Quote from: Mandryka on November 01, 2023, 08:25:44 AMJust read what he says on Haydn op 33. It's very good -- clear and well put. It's a keeper. Thanks @Papy Oli

Nice one @Mandryka , glad you find it of interest  :)
Olivier

Scion7

Although I have 4 different editions, re-reading this classic again in this edition from 1979:
Saint-Saëns, who predicted to Charles Lecocq in 1901: 'That fellow Ravel seems to me to be destined for a serious future.'

Florestan



A very interesting book, containing some ideas and thoughts I've been ruminating on for years --- I am only too glad, and frankly quite proud, to find them confirmed by no less an authority than Dahlhaus8)

"Beauty must appeal to the senses, must provide us with immediate enjoyment, must impress us or insinuate itself into us without any effort on our part." - Claude Debussy

ando

#12803

The Book of William, Paul Collins (2010, Bloomsbury)

On 8 November 1623, Isaac Jaggard, printer, and Edward Blount, bookseller, went to the Stationers Hall in London to register their publication: Mr. William Shakespeares Comedies, Histories, & Tragedies, finally completed after two years' effort.

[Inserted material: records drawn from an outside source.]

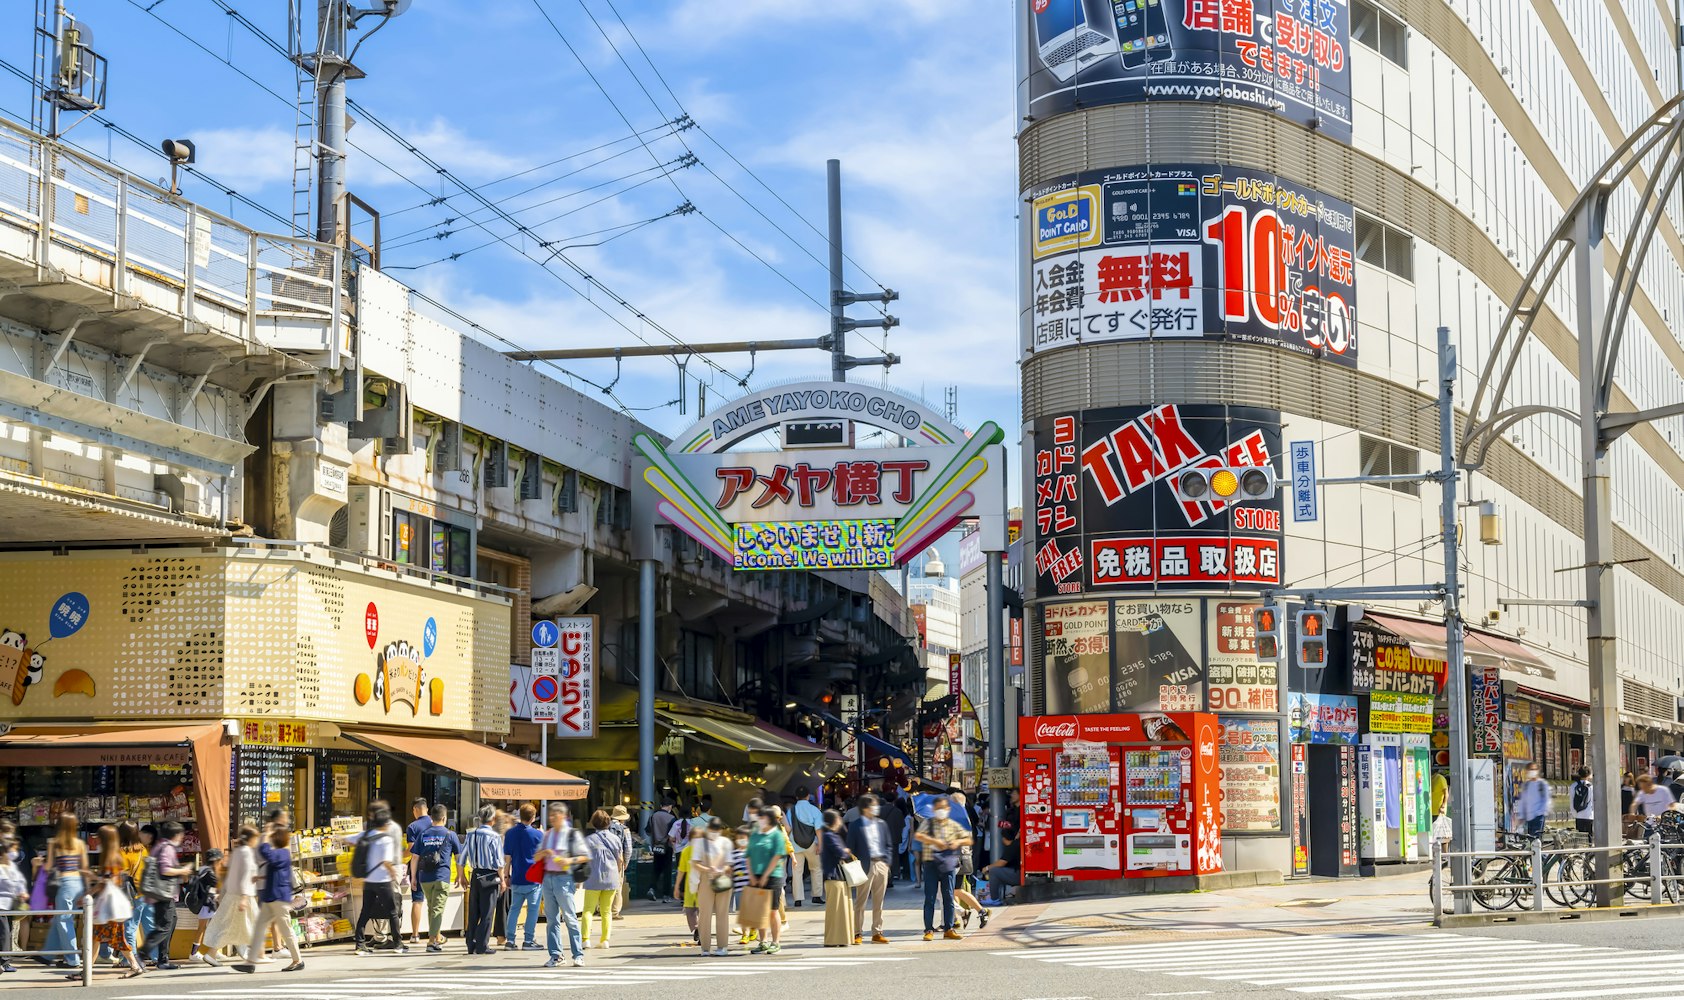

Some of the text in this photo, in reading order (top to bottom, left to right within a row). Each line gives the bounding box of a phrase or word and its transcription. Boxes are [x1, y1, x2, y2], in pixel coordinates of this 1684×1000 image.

[1143, 83, 1286, 113] www.yodobashi.com
[1103, 170, 1193, 182] ゴールドポイントカードプラス
[1047, 203, 1079, 224] GOLD
[1152, 212, 1170, 220] 2345
[1040, 223, 1062, 241] POINT
[1063, 219, 1088, 233] CARD
[1176, 228, 1198, 237] VISA
[1281, 225, 1354, 288] ポイント還元
[1036, 259, 1086, 293] 入会金
[1097, 251, 1194, 304] 無料
[1036, 284, 1086, 318] 年会費
[1035, 306, 1199, 348] 店頭にてすぐ発行
[712, 389, 922, 440] AMEYAYOKOCHO
[1082, 404, 1207, 508] TAX
[458, 468, 470, 484] 266
[714, 459, 930, 510] アメヤ横丁
[1053, 415, 1077, 533] ヨドバシ
[1295, 446, 1313, 518] 歩車分離式
[1036, 449, 1053, 536] カメラ
[1234, 506, 1281, 532] STORE
[801, 550, 829, 567] We
[830, 548, 863, 567] will
[865, 547, 887, 566] be
[1035, 537, 1062, 578] TAX
[1050, 546, 1084, 586] FREE
[1096, 545, 1278, 579] 免税品取扱店
[1057, 580, 1082, 595] STORE
[1045, 602, 1194, 619] ヨドバシカメラ でお買い物なら
[559, 621, 592, 630] レストラン
[1063, 621, 1083, 630] GOLD
[1084, 620, 1108, 629] POINT
[1352, 630, 1375, 649] スマホ
[1120, 650, 1175, 676] 2345 6789
[1352, 648, 1375, 668] ゲーム
[1163, 666, 1199, 685] VISA
[1352, 668, 1375, 688] おもちゃ
[1374, 669, 1435, 695] ヨドバシカメラ
[1036, 722, 1078, 737] Coca-Cola
[163, 753, 185, 761] CAFE

Shakespeare's First Folio will be 400 years old tomorrow. The performance history is much more intriguing but a look at the history of its reception and circulation outside of that is interesting, too. I also picked up an Arden edition of The Tempest in commemoration.

SimonNZ

#12804
Quote from: ando on November 07, 2023, 01:53:54 PMShakespeare's First Folio will be 400 years old tomorrow.

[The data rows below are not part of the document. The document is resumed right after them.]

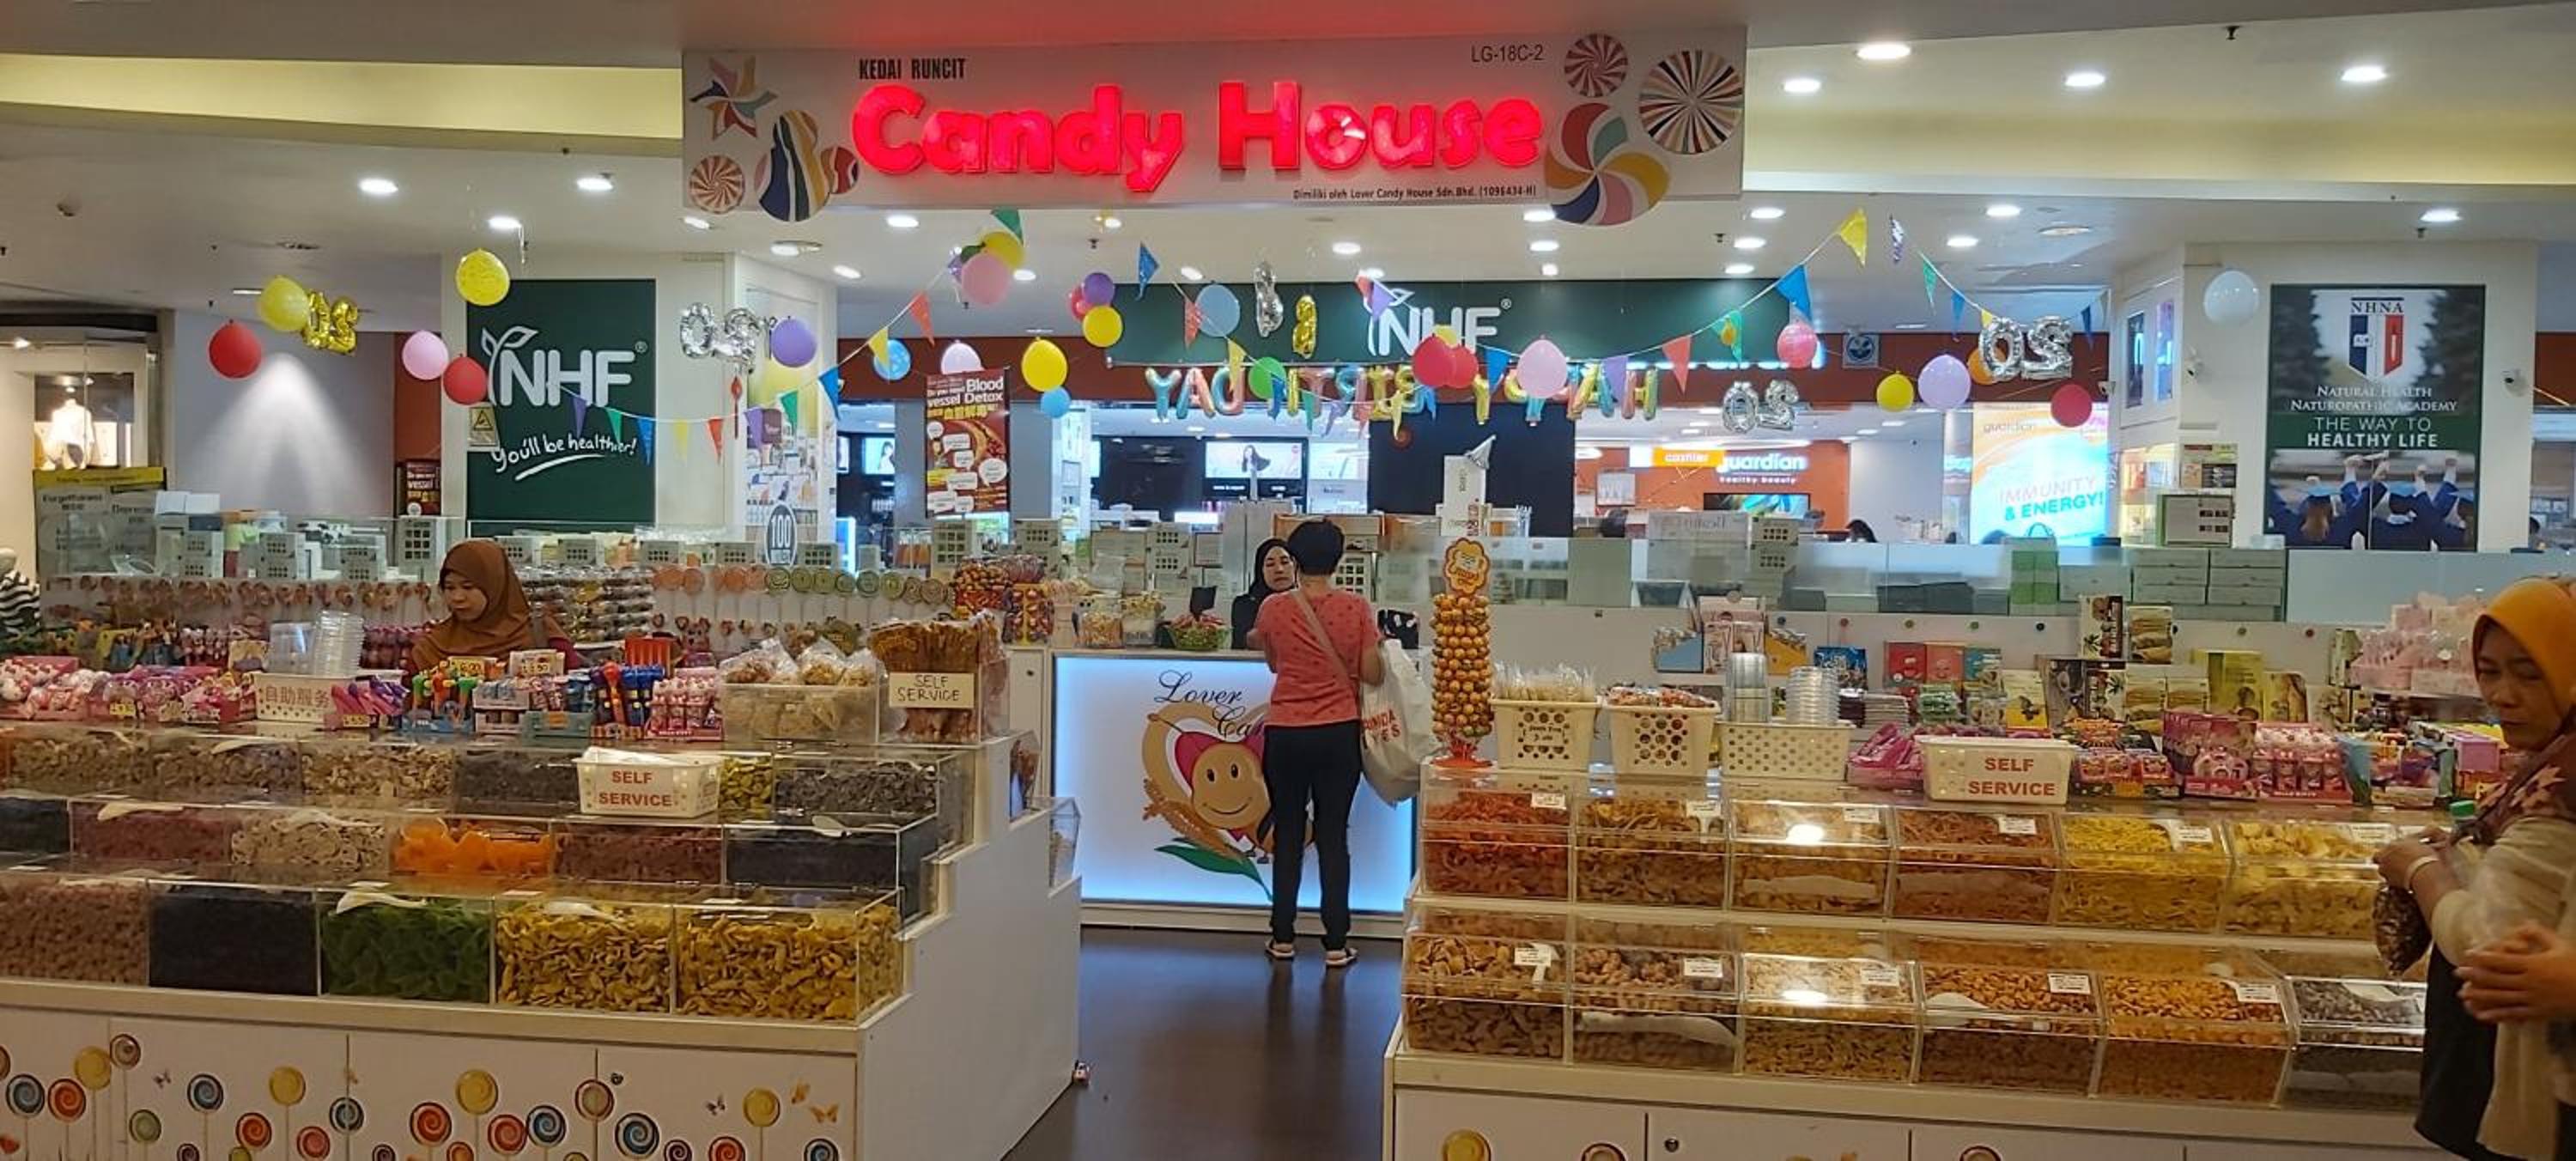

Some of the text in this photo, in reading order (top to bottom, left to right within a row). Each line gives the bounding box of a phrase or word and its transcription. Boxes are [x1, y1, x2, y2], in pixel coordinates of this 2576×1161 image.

[1471, 44, 1545, 64] LG-18C-2
[859, 58, 966, 80] KEDAI RUNCIT
[853, 82, 1544, 192] Candy House
[1376, 186, 1404, 200] Candy
[1406, 186, 1433, 198] House
[2350, 301, 2404, 314] NHNA
[500, 350, 635, 407] NHF
[966, 375, 1004, 392] Blood
[927, 391, 1004, 408] vessel Detox
[2396, 400, 2458, 411] ACADEMY
[2313, 416, 2432, 432] THE WAY TO
[544, 433, 565, 453] be
[2307, 433, 2439, 447] HEALTHY LIFE
[2000, 474, 2096, 504] IMMUNITY
[2020, 491, 2105, 519] ENERGY!
[770, 514, 791, 549] 100
[913, 674, 949, 690] SELF
[1153, 670, 1242, 704] Lover
[265, 686, 329, 708] 自助服务
[897, 687, 960, 702] SERVICE
[1984, 757, 2034, 772] SELF
[612, 770, 653, 784] SELF
[1968, 781, 2056, 796] SERVICE
[599, 792, 673, 806] SERVICE

The latest episode of the Shakespeare Unlimited podcast has Emma Smith talking about the First Folio:

400 Years of Shakespeare's First Folio, with Emma Smith

I've had her book on the First Folio Unread for a while and must put it back near the top of the pile:



related, I recently knocked off these two quick reads:



Dromgoolie was director at the Globe and Doran was director at the RSC, but the books take seperate paths in telling their authors stories.

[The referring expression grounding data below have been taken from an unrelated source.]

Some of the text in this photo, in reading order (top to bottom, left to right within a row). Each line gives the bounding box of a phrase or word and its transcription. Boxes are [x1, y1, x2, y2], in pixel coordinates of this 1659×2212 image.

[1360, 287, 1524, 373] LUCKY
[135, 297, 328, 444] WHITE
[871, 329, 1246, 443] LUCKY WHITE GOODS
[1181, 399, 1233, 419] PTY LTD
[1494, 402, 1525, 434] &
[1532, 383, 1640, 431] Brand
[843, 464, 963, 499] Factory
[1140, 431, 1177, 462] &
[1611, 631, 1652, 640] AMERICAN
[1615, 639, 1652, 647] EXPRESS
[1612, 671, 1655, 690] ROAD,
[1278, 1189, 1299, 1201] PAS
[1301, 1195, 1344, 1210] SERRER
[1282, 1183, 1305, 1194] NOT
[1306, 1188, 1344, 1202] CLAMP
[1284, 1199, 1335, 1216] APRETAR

Dromgoolie is focused on showing how Shakespeare shaped his personal development throughout his life even from an early age (he was born to a family of actors, and was in productions from primary school) with just a little of his own production history. Doran is focused on each of his RSC performances, drilling down on working through the text with the actors, with a much smaller amount of biography mixed in.

ando

Quote from: SimonNZ on November 08, 2023, 03:03:57 PMThe latest episode of the Shakespeare Unlimited podcast has Emma Smith talking about the First Folio:

400 Years of Shakespeare's First Folio, with Emma Smith

I've had her book on the First Folio Unread for a while and must put it back near the top of the pile:



related, I recently knocked off these two quick reads:



Dromgoolie was director at the Globe and Doran was director at the RSC, but the books take seperate paths in telling their authors stories.

Dromgoolie is focused on showing how Shakespeare shaped his personal development throughout his life even from an early age (he was born to a family of actors, and was in productions from primary school) with just a little of his own production history. Doran is focused on each of his RSC performances, drilling down on working through the text with the actors, with a much smaller amount of biography mixed in.
Thanks!

Daverz

Just started reading



The New Roman Empire: A History of Byzantium
by Anthony Kaldellis

Already some really great insights in the early pages.  I hope it doesn't take me as long to read it as the Eastern Empire lasted.


Florestan

"Beauty must appeal to the senses, must provide us with immediate enjoyment, must impress us or insinuate itself into us without any effort on our part." - Claude Debussy

Spotted Horses

The Fraud, the latest by Zadie Smith



I'm a big fan of Zadie Smith, but this is a big change in style, from contemporary subjects to historical fiction.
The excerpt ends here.